Screens display the logos and trading information for Capital One Financial and Discover Financial as traders work on the floor at the New York Stock Exchange on Tuesday.
Screens display the logos and trading information for Capital One Financial and Discover Financial as traders work on the floor at the New York Stock Exchange on Tuesday.
Capital One Financial's $35.3 billion deal for Discover Financial would create new competition for payments behemoths Visa and Mastercard , potentially helping smoothen the path for regulatory approval, analysts said.
The all-stock deal announced on Monday would create the biggest U.S. credit card issuer, but it would also give Capital One access to Discover's payment network, allowing it to rely less on payments giants Visa and Mastercard.
With some lawmakers having accused Visa and Mastercard of a "duopoly," Capital One's promise to boost payment competition will be key as it begins to navigate political and regulatory hurdles in coming months, including from bank agencies and potentially the Justice Department, analysts said.
"This potential deal could ultimately secure regulatory approval, but it would face galeforce headwinds from a Washington that is deeply skeptical of consolidation," Isaac Boltansky, director of policy research for brokerage BTIG, wrote in a note. However, he added: "There are some in Washington who are wary of Visa and Mastercard’s duopoly, which suggests that bolstering a competitor ... could be viewed positively."
Capital One CEO Richard Fairbank said on Tuesday the deal -- the biggest in the global credit card industry, according to Dealogic -- was "well-positioned for approval" and the lenders had kept regulators informed, although he did not elaborate on the details of the discussions. They will file formal paperwork with regulators in the next couple of months, he said.
Still, influential Democratic Senator Elizabeth Warren, a longtime critic of big banks, quickly criticized the deal, saying in a social media post that it would harm financial stability and reduce competition. "This Wall street deal is dangerous and will harm working people.

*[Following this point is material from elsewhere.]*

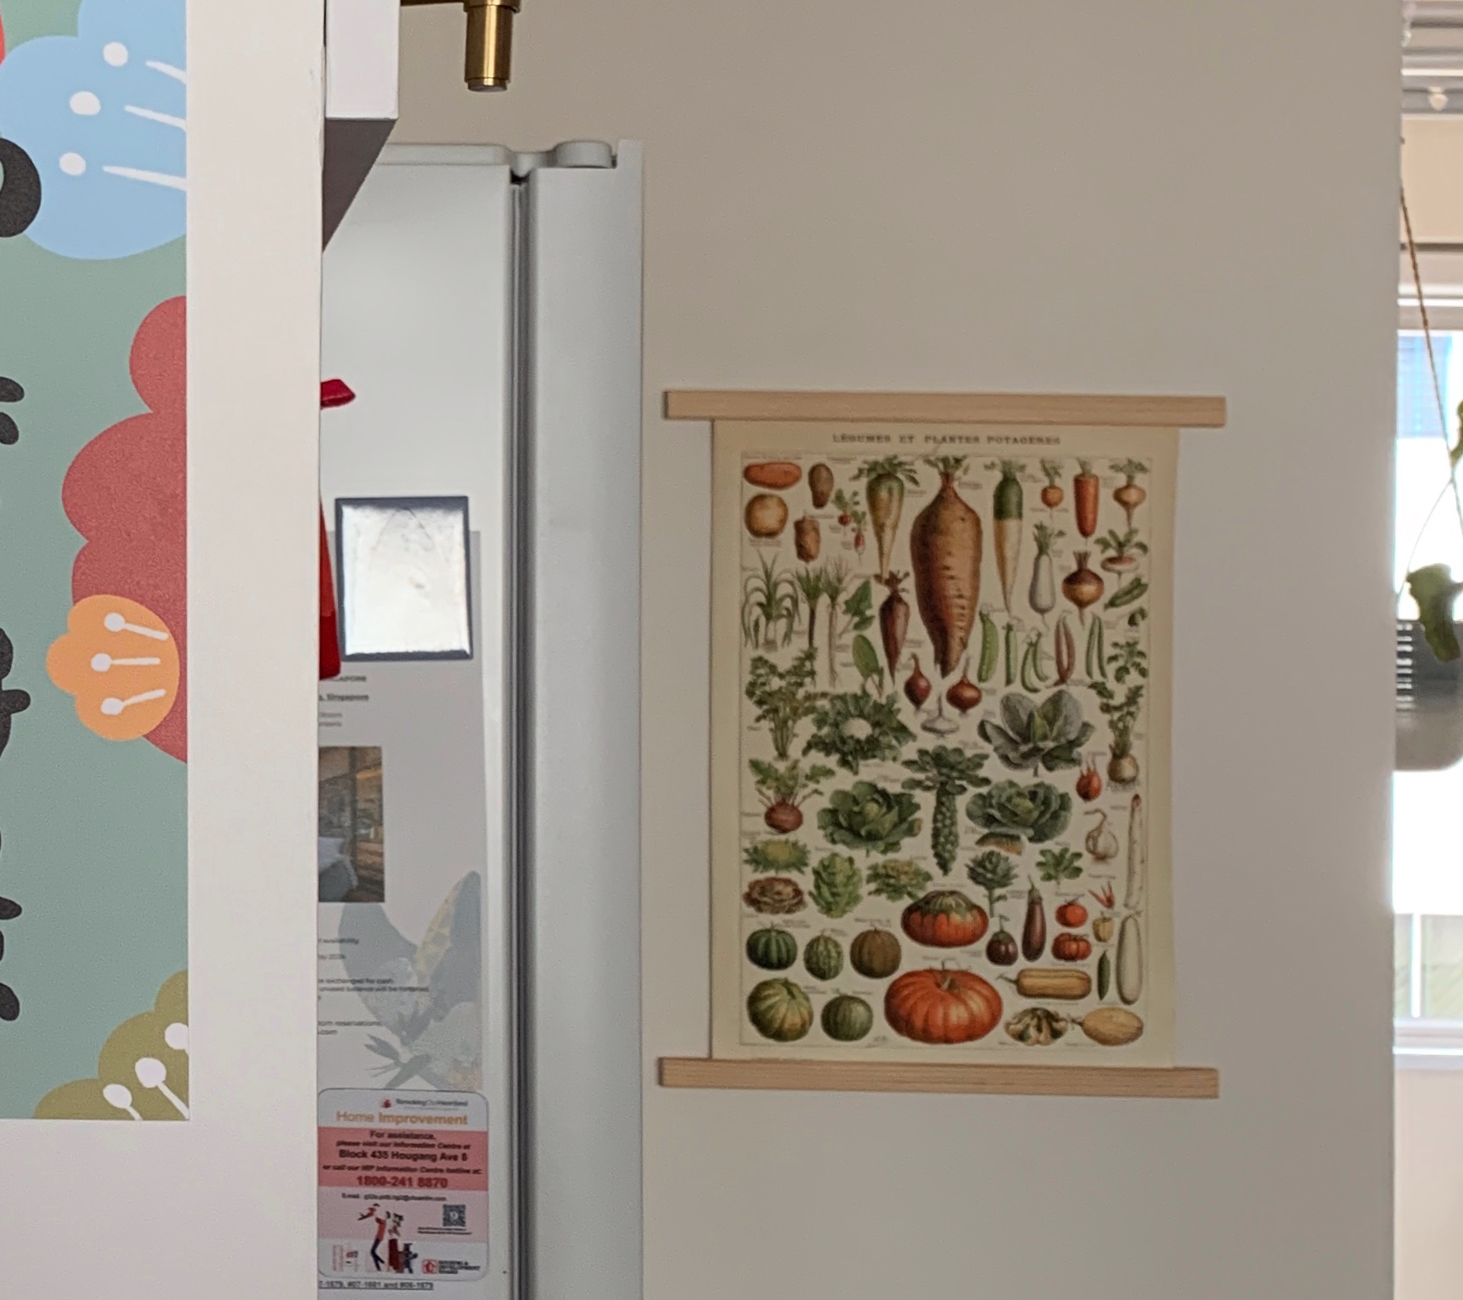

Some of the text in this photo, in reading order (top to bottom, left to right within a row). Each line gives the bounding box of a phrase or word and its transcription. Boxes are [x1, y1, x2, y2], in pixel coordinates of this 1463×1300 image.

[336, 1110, 469, 1125] Home Improvement
[339, 1149, 367, 1158] Block
[391, 1151, 437, 1162] Hougang
[439, 1153, 458, 1161] Ave

Regulators must block it immediately," she wrote on X, formerly known as Twitter.
Some leading community groups, who have the power to slow bank deals by lodging formal objections, also took aim at the merger.

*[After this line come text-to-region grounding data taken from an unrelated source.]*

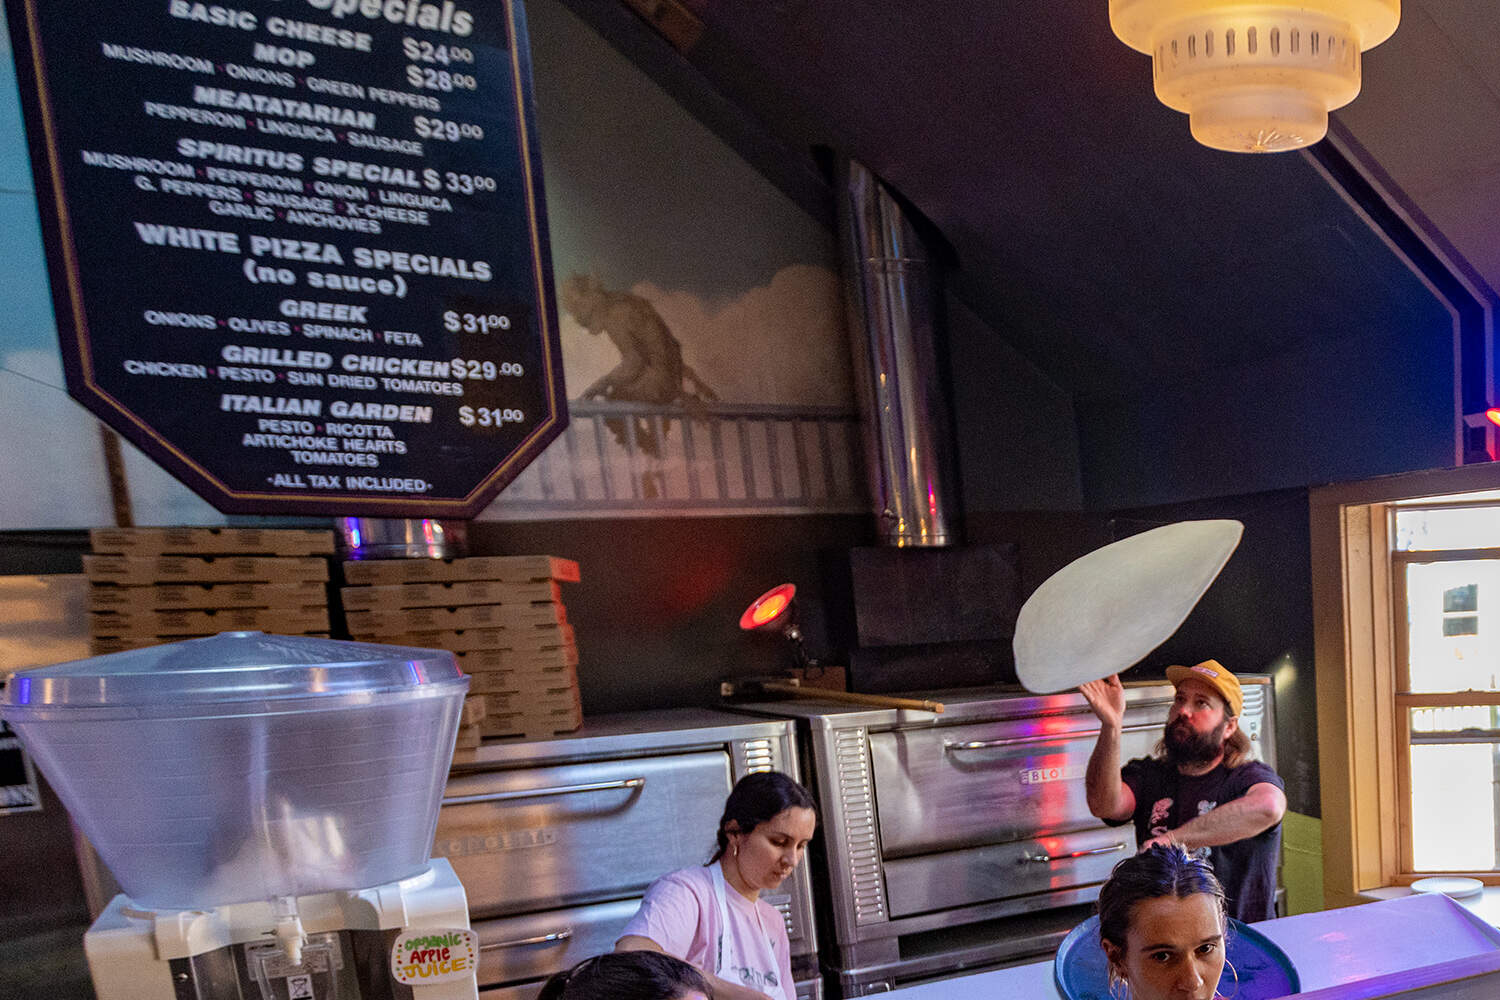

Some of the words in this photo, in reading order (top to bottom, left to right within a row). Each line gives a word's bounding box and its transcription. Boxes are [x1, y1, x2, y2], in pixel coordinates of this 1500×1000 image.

[169, 0, 258, 31] BASIC
[266, 16, 373, 52] CHEESE
[304, 0, 474, 37] pecials
[253, 42, 316, 68] MOP
[102, 42, 215, 75] MUSHROOM
[225, 63, 296, 89] ONIONS
[306, 76, 365, 99] GREEN
[368, 86, 441, 112] PEPPERS
[193, 85, 376, 130] MEATATARIAN
[144, 101, 246, 129] PEPPERONI
[257, 118, 337, 143] LINGUICA
[347, 131, 424, 157] SAUSAGE
[81, 150, 196, 179] MUSHROOM
[206, 166, 304, 193] PEPPERONI
[313, 181, 369, 201] ONION
[378, 190, 453, 212] LINGUICA
[177, 138, 304, 172] SPIRITUS
[312, 157, 421, 188] SPECIAL
[134, 175, 158, 192] G.
[160, 178, 243, 201] PEPPERS
[253, 189, 335, 214] SAUSAGE
[346, 202, 431, 226] X-CHEESE
[208, 200, 276, 222] GARLIC
[286, 209, 382, 235] ANCHOVIES
[133, 221, 241, 254] WHITE
[250, 234, 345, 266] PIZZA
[353, 247, 493, 282] SPECIALS
[243, 258, 296, 284] (no
[306, 271, 408, 298] sauce)
[143, 309, 217, 330] ONIONS
[227, 316, 292, 336] OLIVES
[302, 323, 374, 343] SPINACH
[383, 330, 424, 347] FETA
[279, 299, 368, 324] GREEK
[123, 359, 208, 379] CHICKEN
[216, 366, 276, 384] PESTO
[286, 370, 325, 387] SUN
[327, 374, 378, 390] DRIED
[380, 377, 464, 397] TOMATOES
[221, 344, 333, 370] GRILLED
[341, 354, 450, 379] CHICKEN
[219, 393, 323, 416] ITALIAN
[330, 400, 433, 424] GARDEN
[242, 433, 338, 451] ARTICHOKE
[343, 438, 408, 454] HEARTS
[258, 418, 315, 435] PESTO
[325, 422, 395, 439] RICOTTA
[290, 450, 379, 468] TOMATOES
[308, 475, 341, 489] TAX

"The deal ... poses massive anti-trust concerns, given the vertical integration of Capital One’s credit card lending with Discover’s credit card network," Jesse Van Tol, CEO of the Washington-based National Community Reinvestment Coalition, said in a statement.
The Federal Reserve and Office of the Comptroller of the Currency must sign off on the deal, the banks said. The Fed declined to comment, while the OCC did not immediately respond to a request for comment. The Consumer Financial Protection Bureau, which just last week flagged concerns over competition in the credit card market, also declined to comment.
No. 1 player
The combination of Capital One and Discover would create the biggest U.S. credit card issuer with around $250 billion in card balance and a market share of 22%, according to TD Cowen analysts.
Capital One, the third-largest issuer of Visa and MasterCard credit cards in the United States, said shifting its card portfolio from those two payment giants to Discover's network would help it generate $1.2 billion in 2027.
"This is a rare and extremely valuable asset," said Ian Lapey, portfolio manager at Gabelli Funds, which holds shares of Capital One, referring to Discovery's payments processor network.
Any transition, however, would likely be slow since both Visa and Mastercard renewed their partnerships with the company recently, said J.P. Morgan analyst Tien-tsin Huang.
A Mastercard spokesperson said the company had spoken with Capital One about the news and that the bank's partnership with Mastercard "will continue for the long-term."
Visa did not immediately respond to requests for comment.
"Regulators are likely to pick carefully through this deal," said Susannah Streeter, head of money and markets at Hargreaves Lansdown.
"However, given the vast savings in operational costs expected ... Capital One believes complex regulatory hurdles are worth being navigated to deliver significant returns."